Unit 1 Introduction to the Writing Centre  

Created by Emily Keery

Overview

Welcome to SKLS 500! In this first unit, we will provide you with a general introduction to the Writing Centre and the philosophical foundations of research on scholarly writing, particularly the writing process. You will consider your own writing strengths and weaknesses as well as learn how to access all the services available in your time as a graduate student. You will be guided on best practices for communicating with staff and faculty that will carry over to your professional life.

Topics

This unit is divided into the following topics:

  1. Orientation to the Writing Centre
  2. The Writing Process
  3. Communicating with Professors

Learning Outcomes

When you have completed this unit, you should be able to:

  • Identify the writing support services for different needs
  • Book appointments with the Writing Centre to address specific needs
  • Create a representation of your own writing process, including the different stages of writing processes.
  • Write a sample message to a professor or colleague.

Activity Checklist

The learning activities in this course are ungraded, unless specified. They are designed to help you succeed in your assessments in this course, so you are strongly encouraged to complete them.

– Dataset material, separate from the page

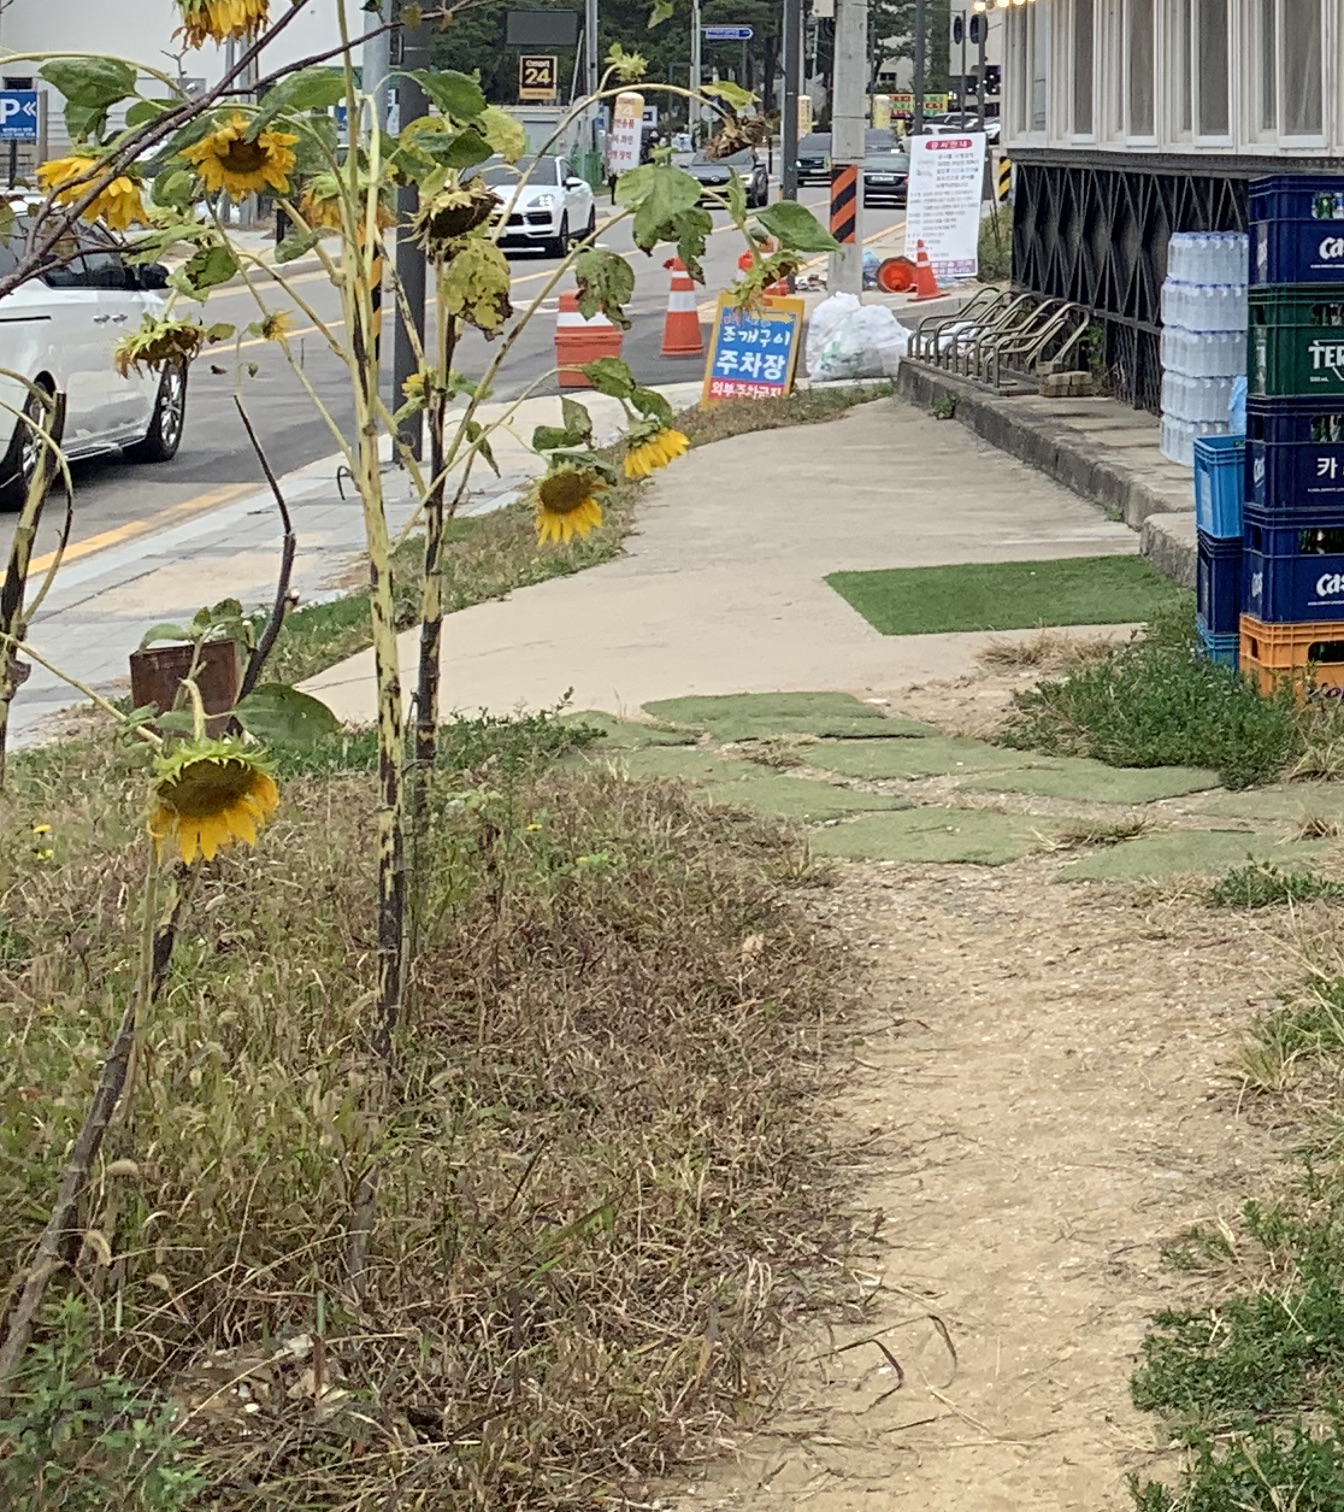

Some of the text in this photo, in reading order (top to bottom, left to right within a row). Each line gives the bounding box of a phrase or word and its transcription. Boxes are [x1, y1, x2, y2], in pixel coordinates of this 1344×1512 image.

Unit 1 Learning Activities

Click here for a checklist of learning activities you will benefit from in completing this unit. You may find it useful for planning your work.

Activity 1.1: 📗 Follow the steps to register your Learning Commons Booking Account
Activity 1.2: 📗 Journal about your best writing environments
Activity 1.3: 🎦 Watch some videos and practice brainstorming and outlining
Activity 1.4: 🎦 Watch some videos and reflect on drafting strategies
Activity 1.5: 🔍 Explore the Revision and Editing Checklist, and reflect on how to use these strategies
Activity 1.6: 📧 Practice learning activities on emailing professors

Assessments

Course Assessments will be posted and submitted in Moodle.

Topic 1: What is the Writing Centre?

The Writing Centre assists all students with their academic writing assignments in any subject at any stage of the writing process. Our trained writing tutors can help you with your writing tasks such as choosing a topic, formulating a thesis, generating ideas, organizing an outline, assessing paragraph development, documenting sources, and revising sentence structure, grammar, word choice, and punctuation.

You can get help on all types of writing assignments – even non-traditional ones like blog posts, PPT slides,
We will not edit or proofread for you, but we will help you do that yourself.

We also encourage you to come more than once. Writing Centre research consistently shows improvement in student writing after three sessions. For three consecutive semesters, TWU conducted a study of first-year English and Writing classes. Students who attended the Writing Centre averaged one letter grade higher than those who did not attend. In Fall 2018, the average GPA for first-year students who used the Writing Centre was two letter grades higher than first-year students who did not.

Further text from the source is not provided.